Each line of the data below should be restated exactly, with images left out.

*Stored records:*

────────────────────

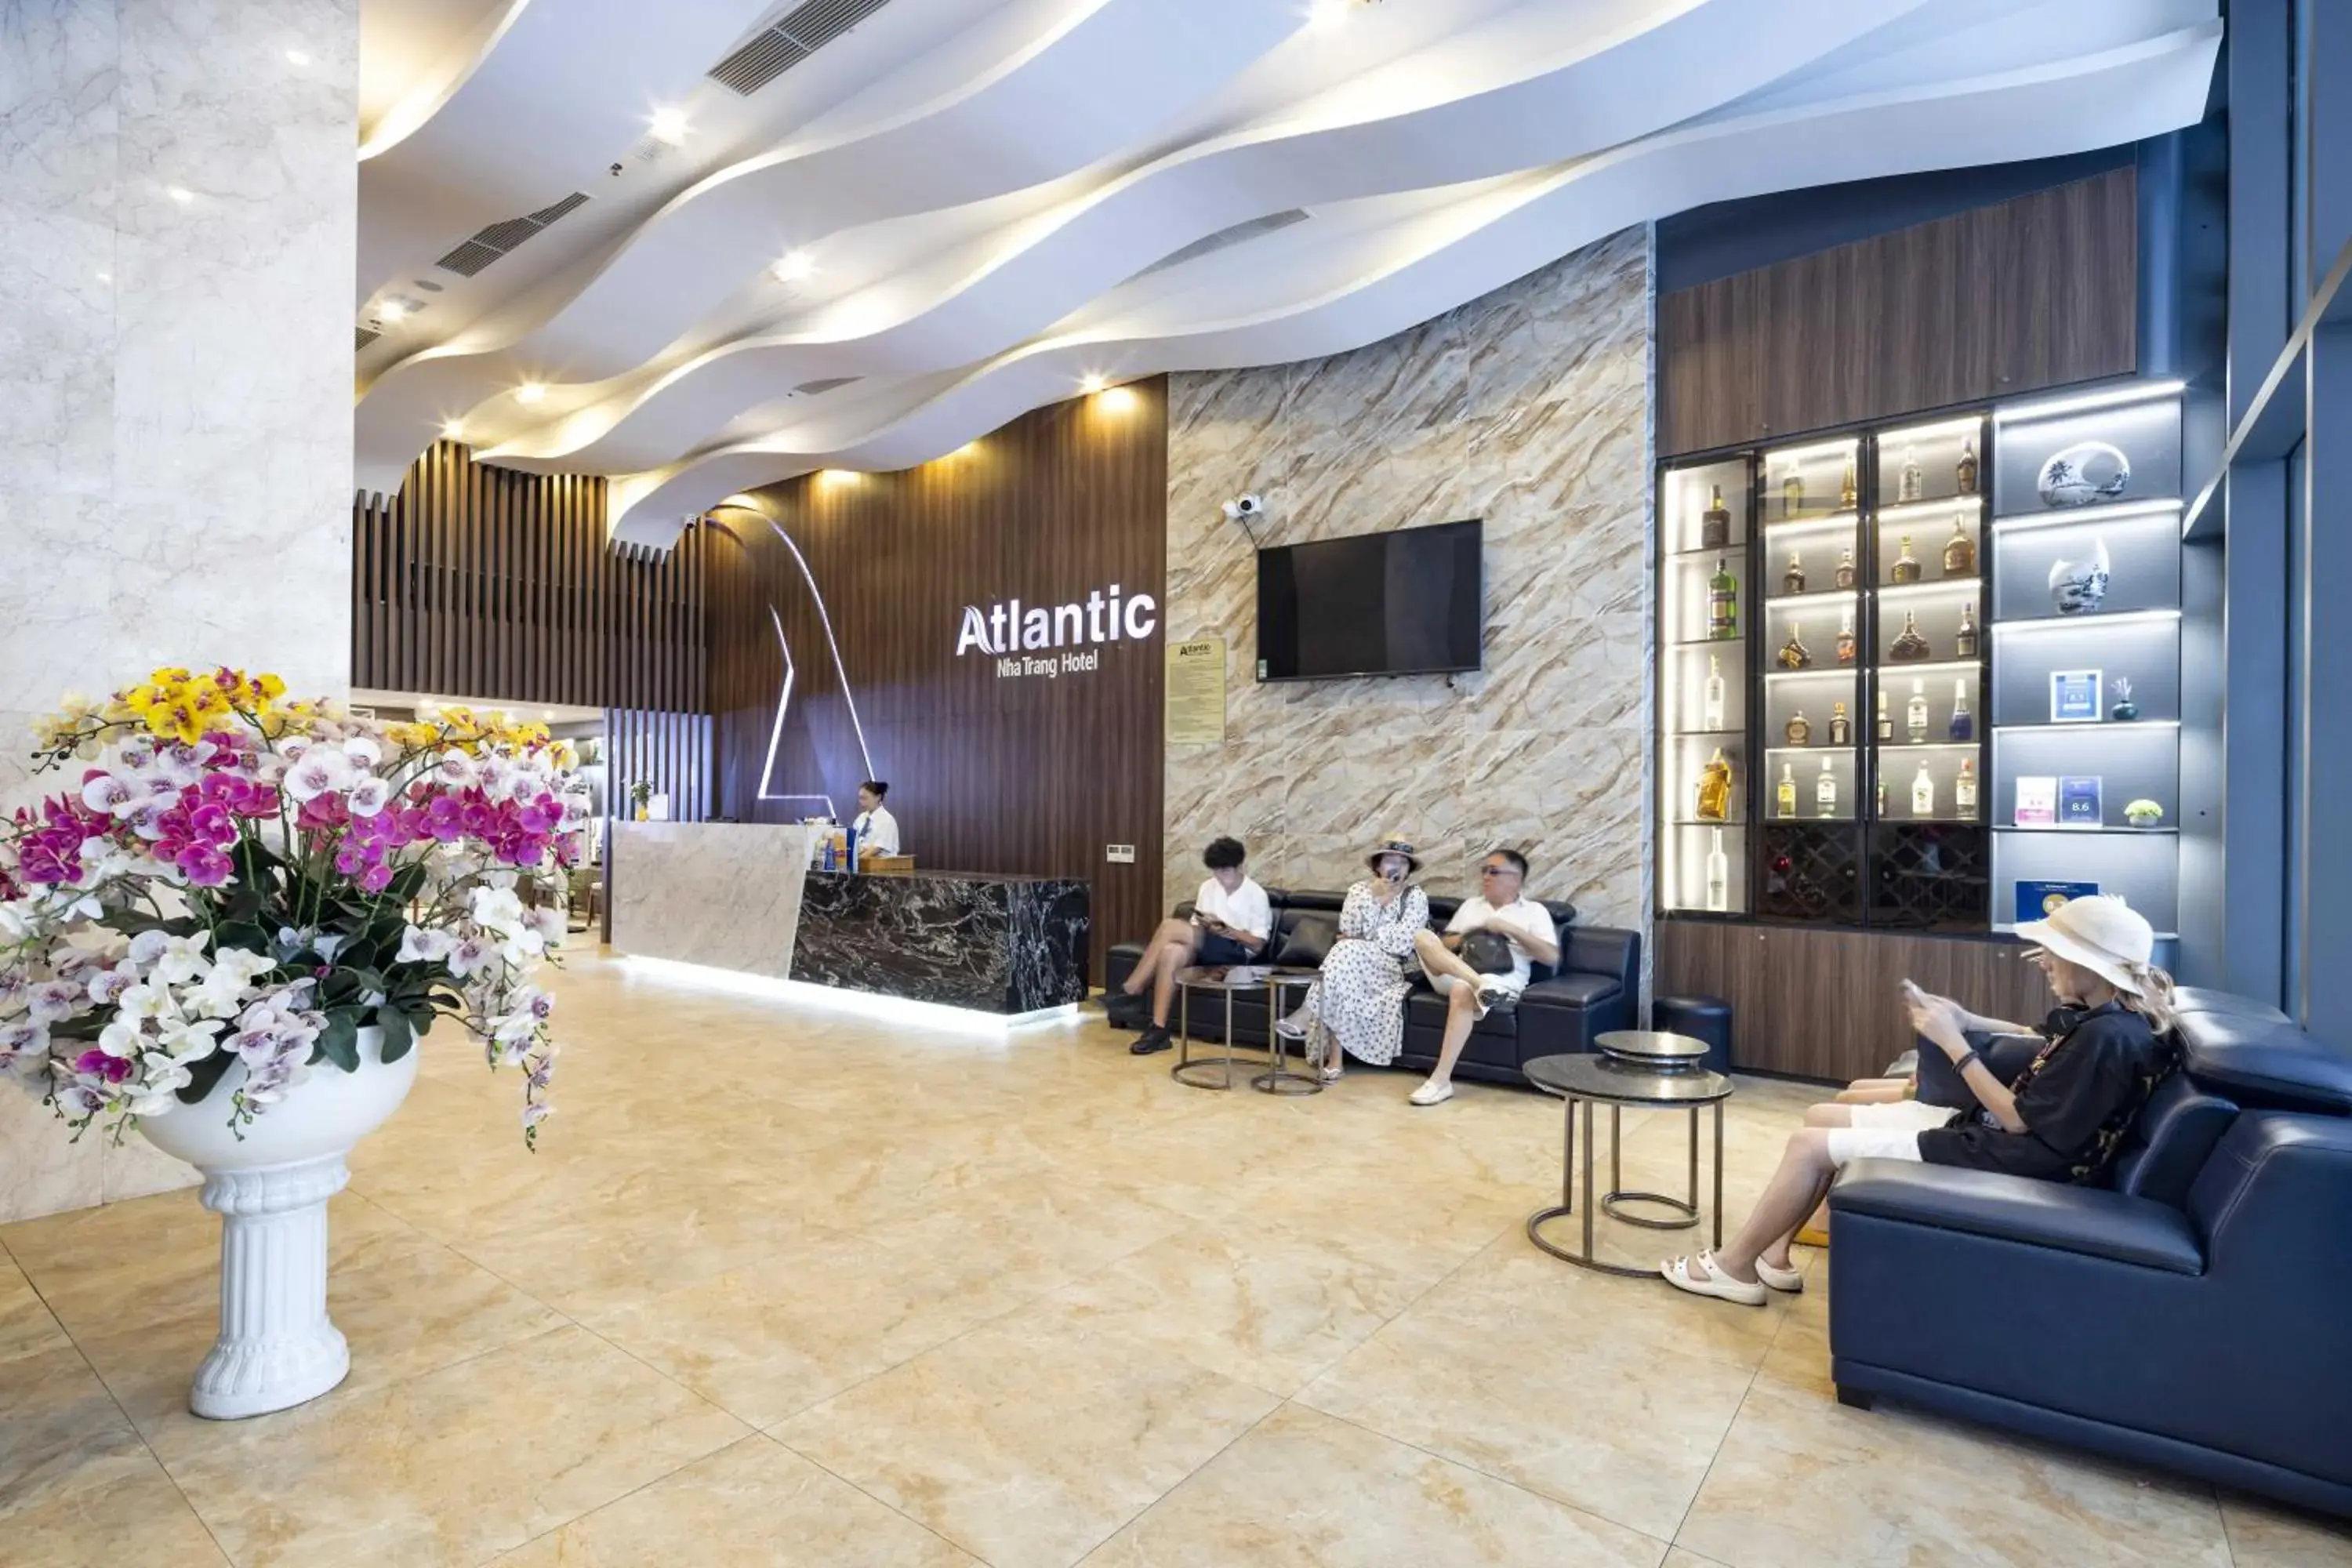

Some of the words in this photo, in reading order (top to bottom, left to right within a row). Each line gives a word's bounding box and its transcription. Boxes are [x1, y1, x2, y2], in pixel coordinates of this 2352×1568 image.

[956, 583, 1156, 656] Atlantic
[996, 657, 1022, 678] Nha
[1022, 655, 1058, 678] Trang
[1062, 648, 1098, 673] Hotel
[2072, 802, 2089, 811] 8.6
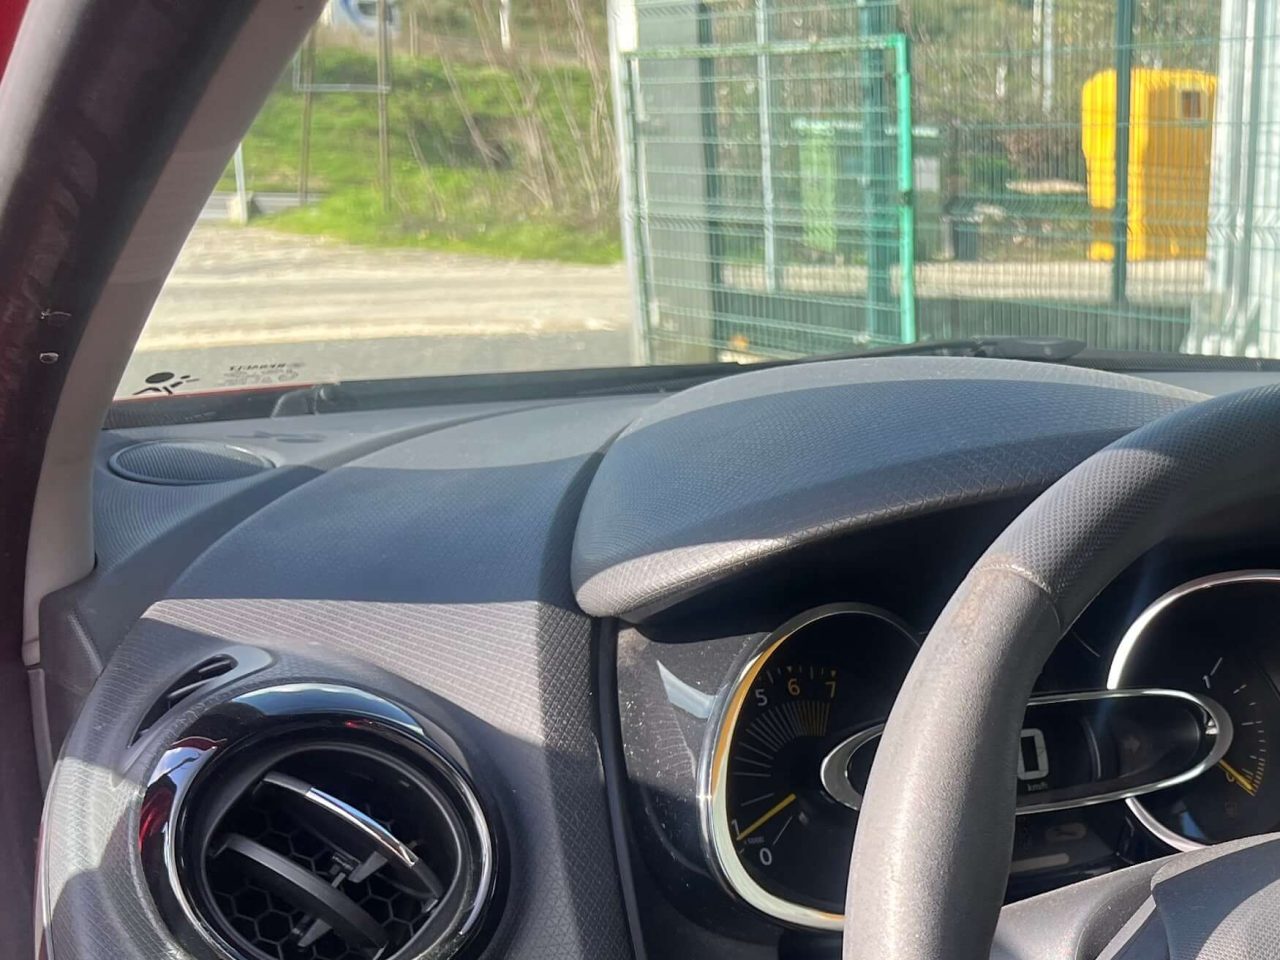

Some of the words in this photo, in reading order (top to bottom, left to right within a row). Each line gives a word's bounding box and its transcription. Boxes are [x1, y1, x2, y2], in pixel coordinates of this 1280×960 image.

[787, 678, 800, 696] 6
[825, 681, 836, 699] 7
[755, 688, 768, 706] 5
[760, 847, 772, 866] 0
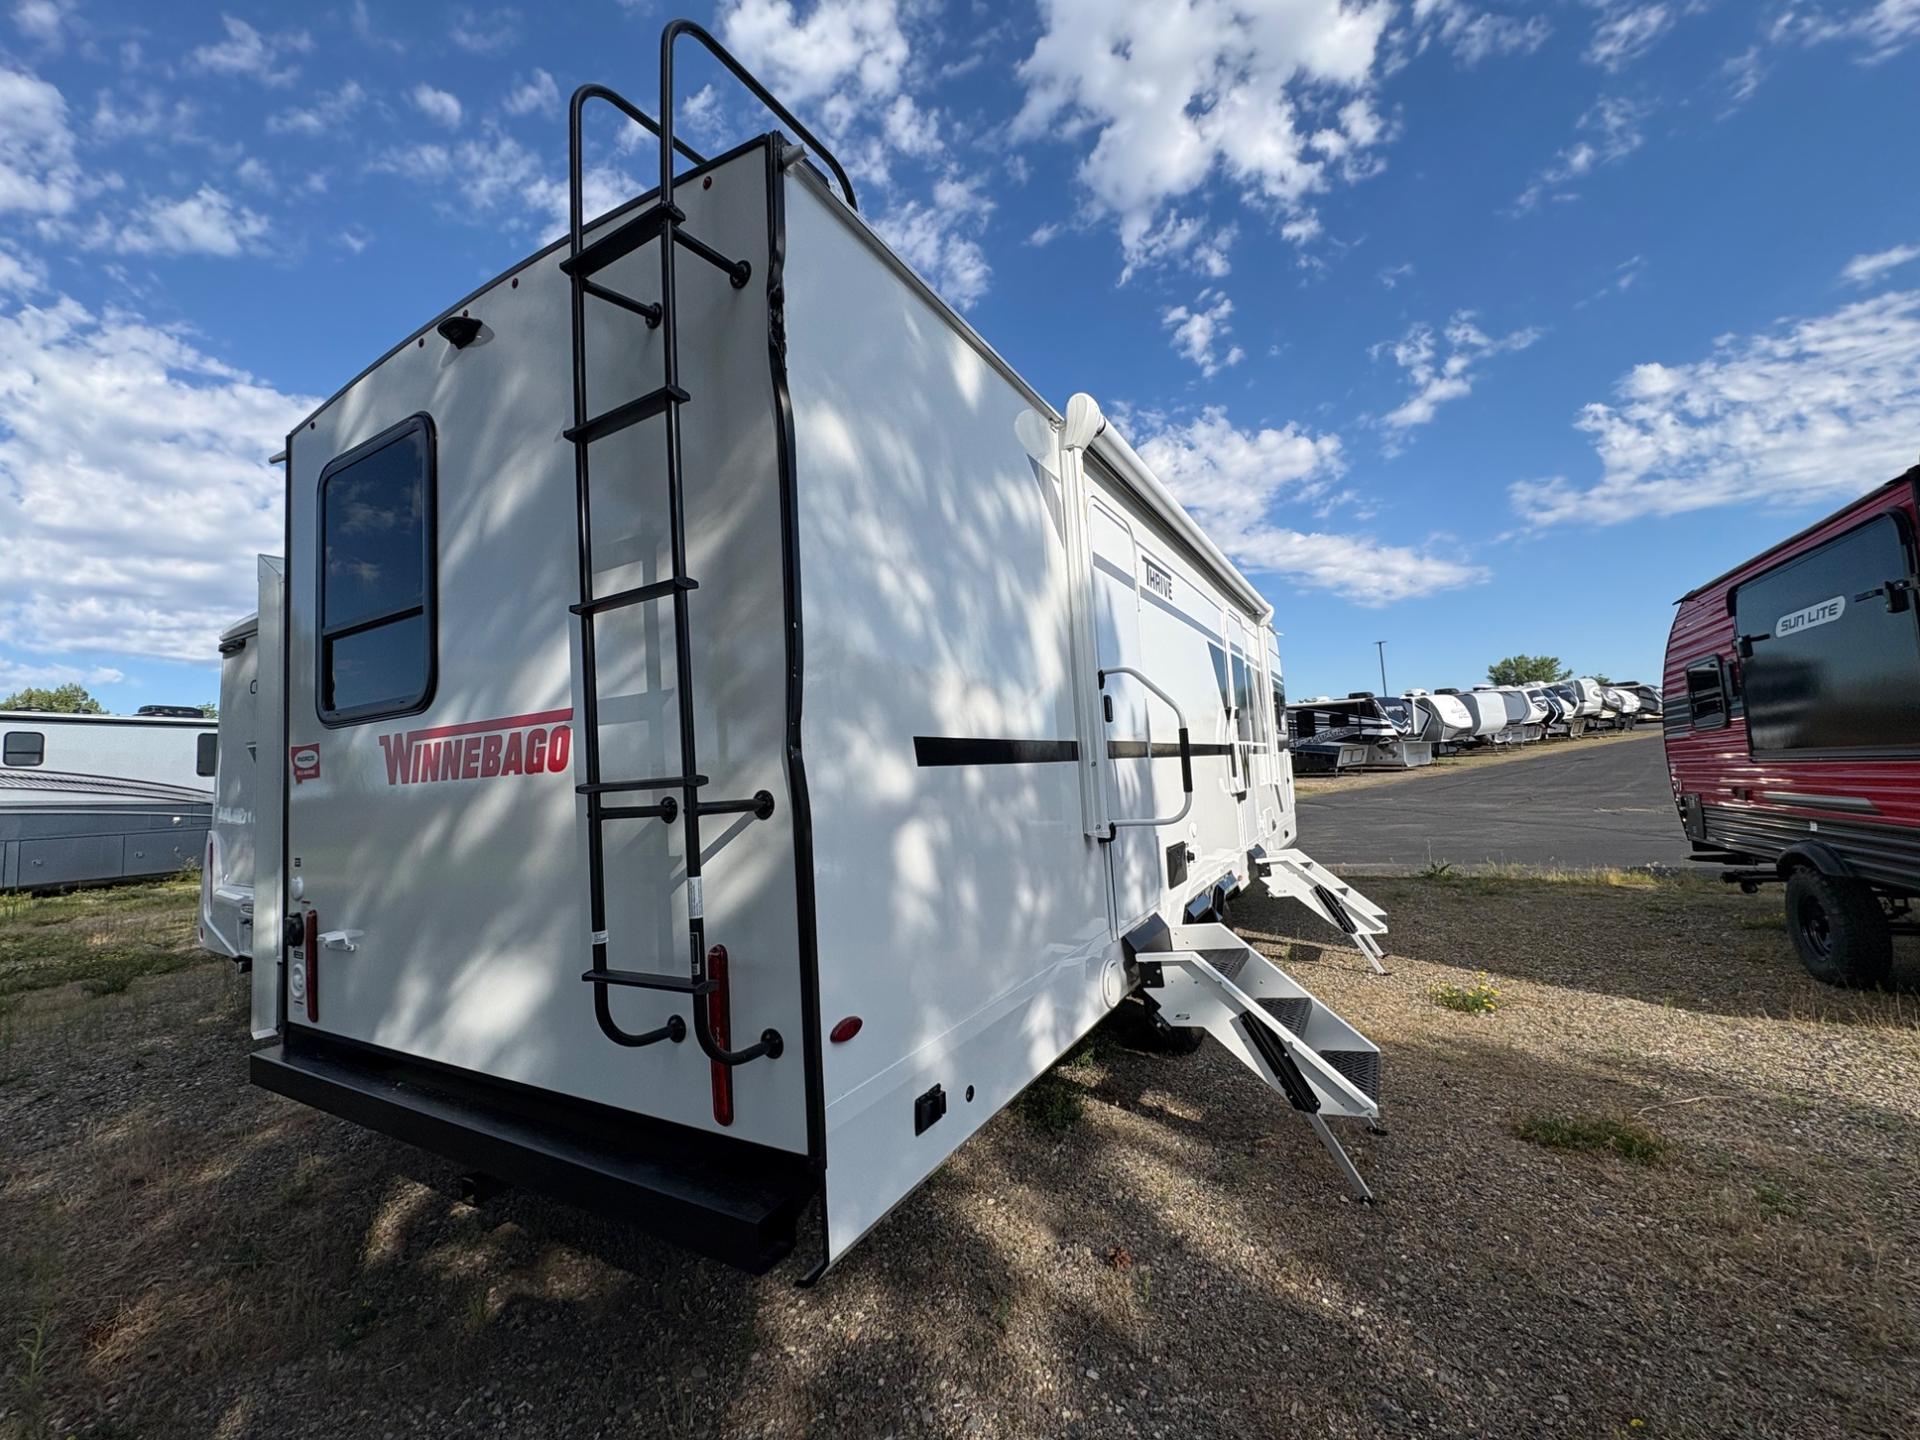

────────────────────

*SOLVED PROBLEM:*
Some of the words in this photo, in reading order (top to bottom, left to right within a row). Each line gives a word's bounding box and its transcription. Boxes are [x1, y1, x2, y2], in pixel coordinates of this 2352×1568 image.

[956, 583, 1156, 656] Atlantic
[996, 657, 1022, 678] Nha
[1022, 655, 1058, 678] Trang
[1062, 648, 1098, 673] Hotel
[2072, 802, 2089, 811] 8.6

Some of the words in this photo, in reading order (top to bottom, left to right within a row). Each line gives a word's bounding box and its transcription. Boxes are [x1, y1, x2, y2], in pixel coordinates of this 1280×960 image.

[787, 678, 800, 696] 6
[825, 681, 836, 699] 7
[755, 688, 768, 706] 5
[760, 847, 772, 866] 0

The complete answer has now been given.